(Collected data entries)
== == ==

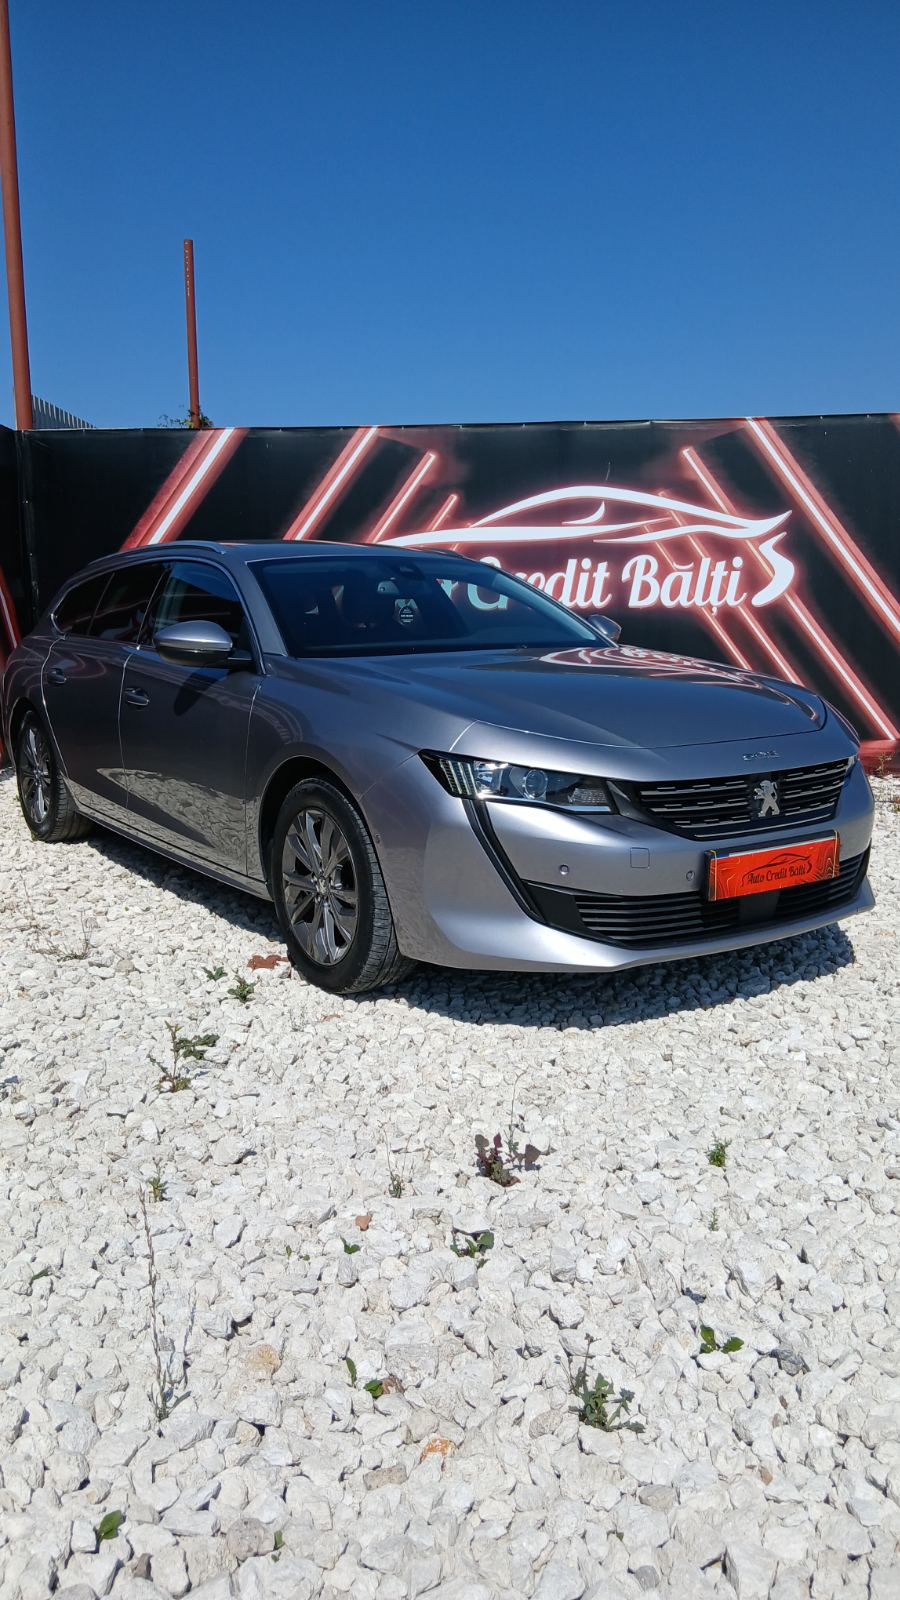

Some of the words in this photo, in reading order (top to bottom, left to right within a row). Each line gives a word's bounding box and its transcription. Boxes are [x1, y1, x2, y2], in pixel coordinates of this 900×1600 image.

[621, 554, 748, 615] Bălți
[747, 873, 765, 884] Auto
[766, 868, 787, 881] Credit
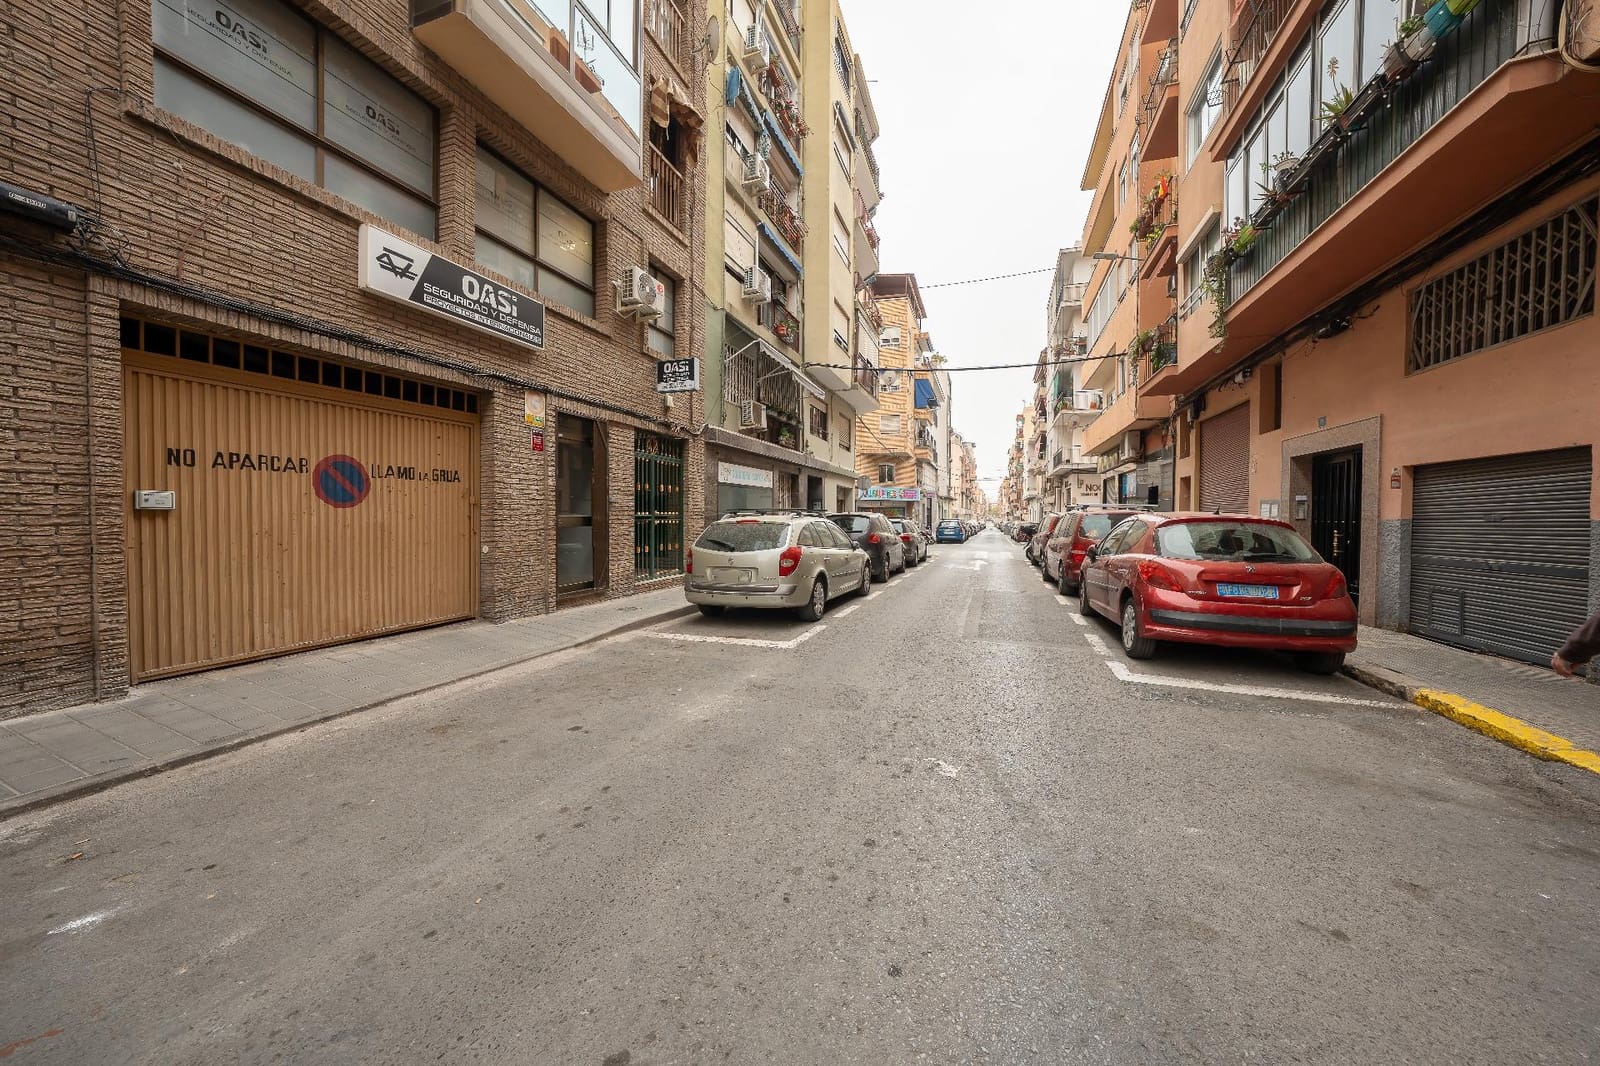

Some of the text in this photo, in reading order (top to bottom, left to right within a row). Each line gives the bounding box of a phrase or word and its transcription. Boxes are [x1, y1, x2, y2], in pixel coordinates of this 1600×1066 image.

[423, 282, 542, 336] SEGURIDAD Y DEFENSA
[424, 294, 476, 319] PROYECTOS
[167, 447, 309, 473] NO APARCAR
[371, 463, 415, 480] LLAMO
[432, 468, 461, 483] GRUA
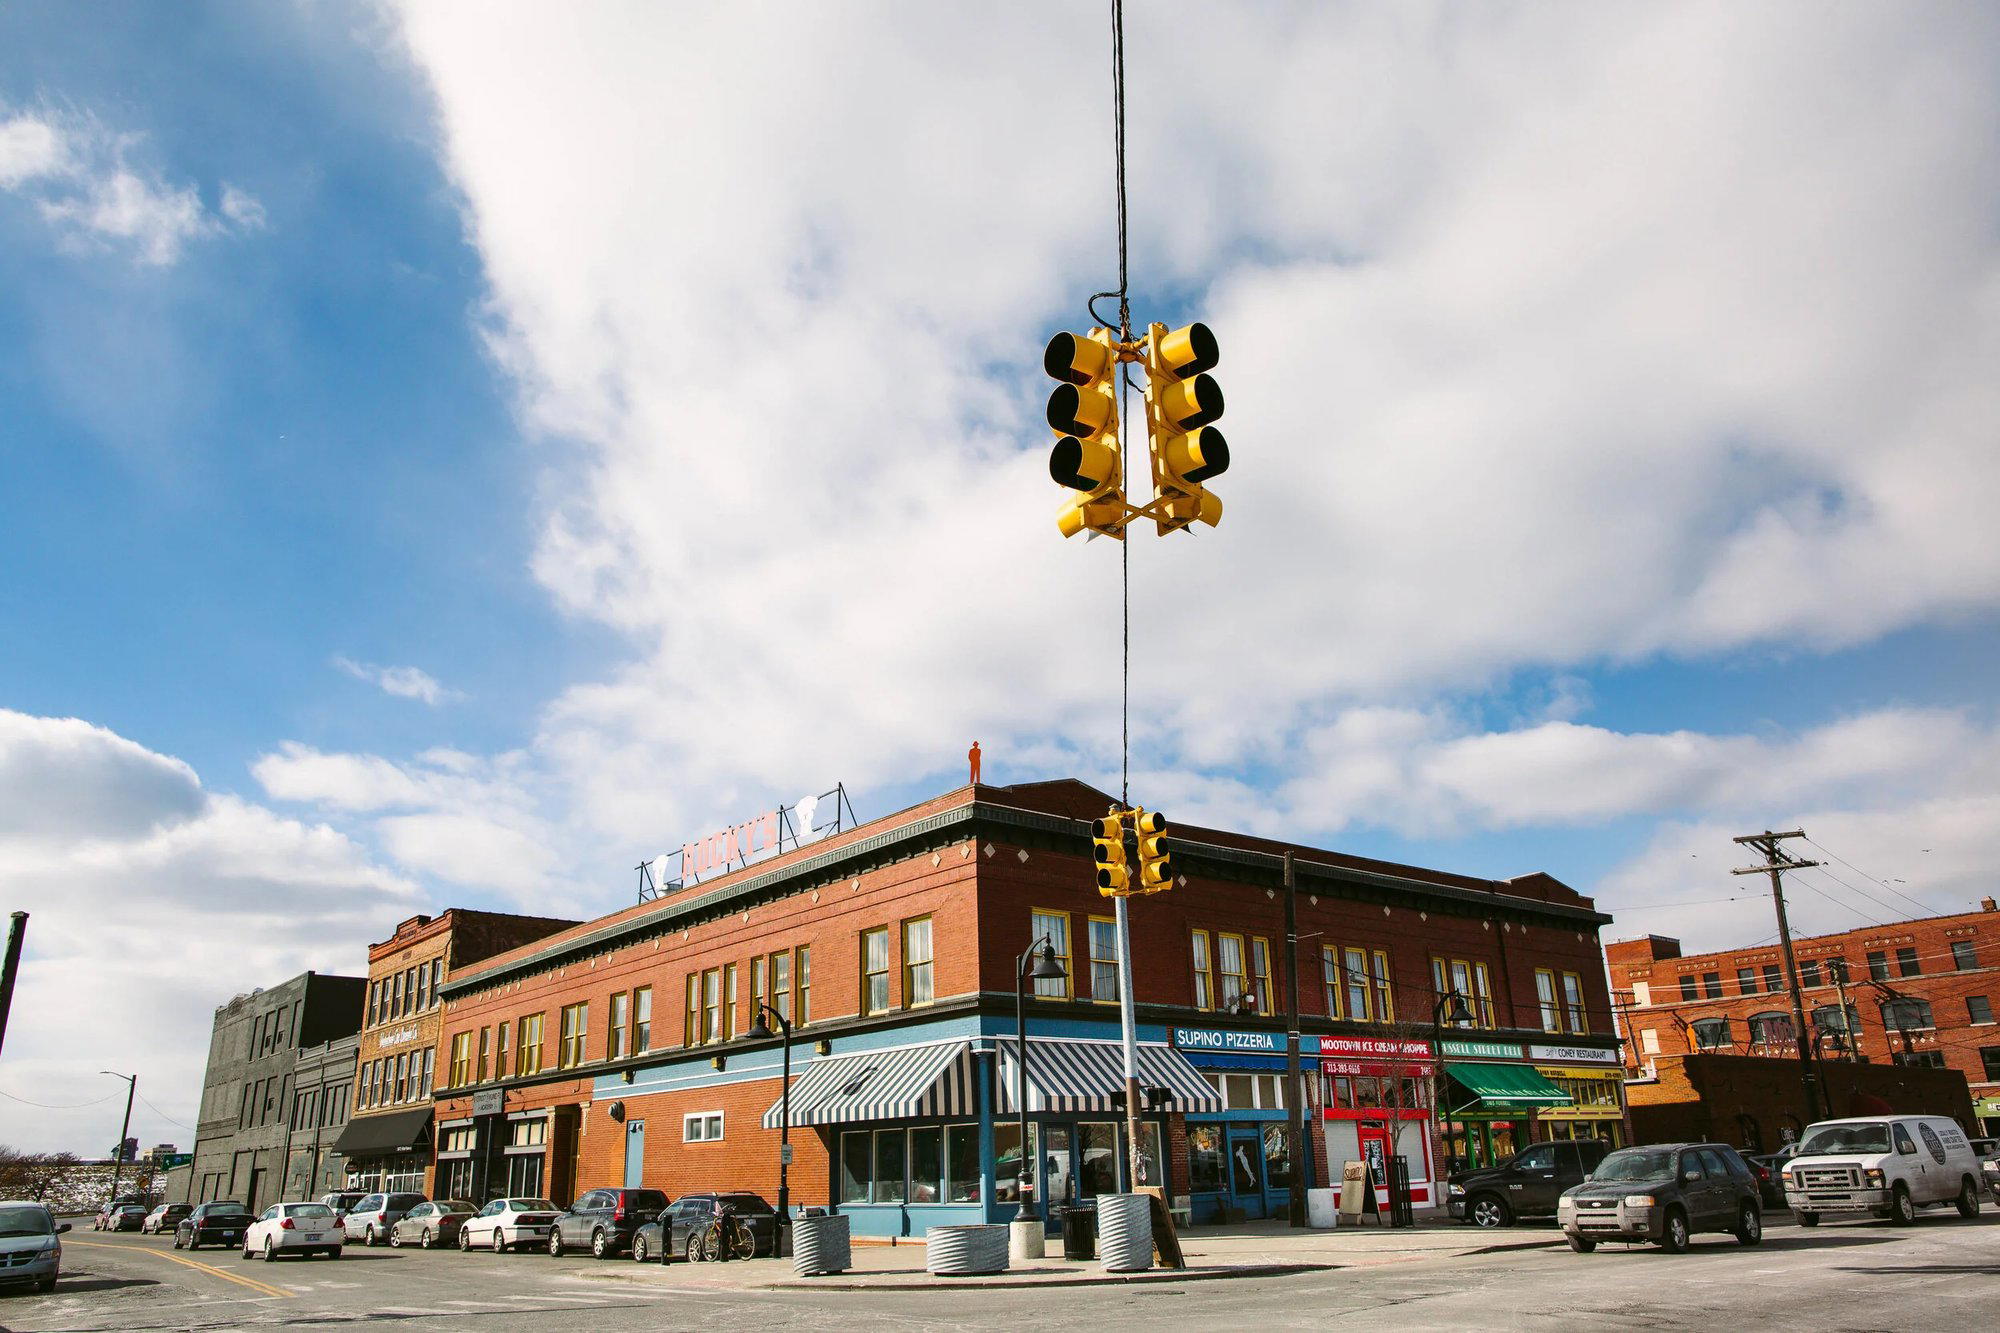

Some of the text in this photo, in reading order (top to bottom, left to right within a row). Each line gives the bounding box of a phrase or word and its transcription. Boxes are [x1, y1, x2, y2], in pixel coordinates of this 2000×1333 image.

[682, 809, 777, 881] ROCKY'S
[1178, 1030, 1274, 1048] SUPINO PIZZERIA
[1321, 1039, 1361, 1051] MOOTOWN
[1362, 1041, 1374, 1052] ICE
[1440, 1043, 1470, 1054] USSELL
[1558, 1048, 1575, 1058] CONEY
[1576, 1049, 1606, 1060] RESTAURANT

== == ==

[Directions] Quote, word for word and nothing more, every line from the line with "this 1600×1066 image." to the end of the entries, including both ends; skip any pictures.

[Finished task]
Some of the text in this photo, in reading order (top to bottom, left to right within a row). Each line gives the bounding box of a phrase or word and its transcription. Boxes are [x1, y1, x2, y2], in pixel coordinates of this 1600×1066 image.

[423, 282, 542, 336] SEGURIDAD Y DEFENSA
[424, 294, 476, 319] PROYECTOS
[167, 447, 309, 473] NO APARCAR
[371, 463, 415, 480] LLAMO
[432, 468, 461, 483] GRUA

Some of the text in this photo, in reading order (top to bottom, left to right within a row). Each line gives the bounding box of a phrase or word and its transcription. Boxes are [x1, y1, x2, y2], in pixel coordinates of this 2000×1333 image.

[682, 809, 777, 881] ROCKY'S
[1178, 1030, 1274, 1048] SUPINO PIZZERIA
[1321, 1039, 1361, 1051] MOOTOWN
[1362, 1041, 1374, 1052] ICE
[1440, 1043, 1470, 1054] USSELL
[1558, 1048, 1575, 1058] CONEY
[1576, 1049, 1606, 1060] RESTAURANT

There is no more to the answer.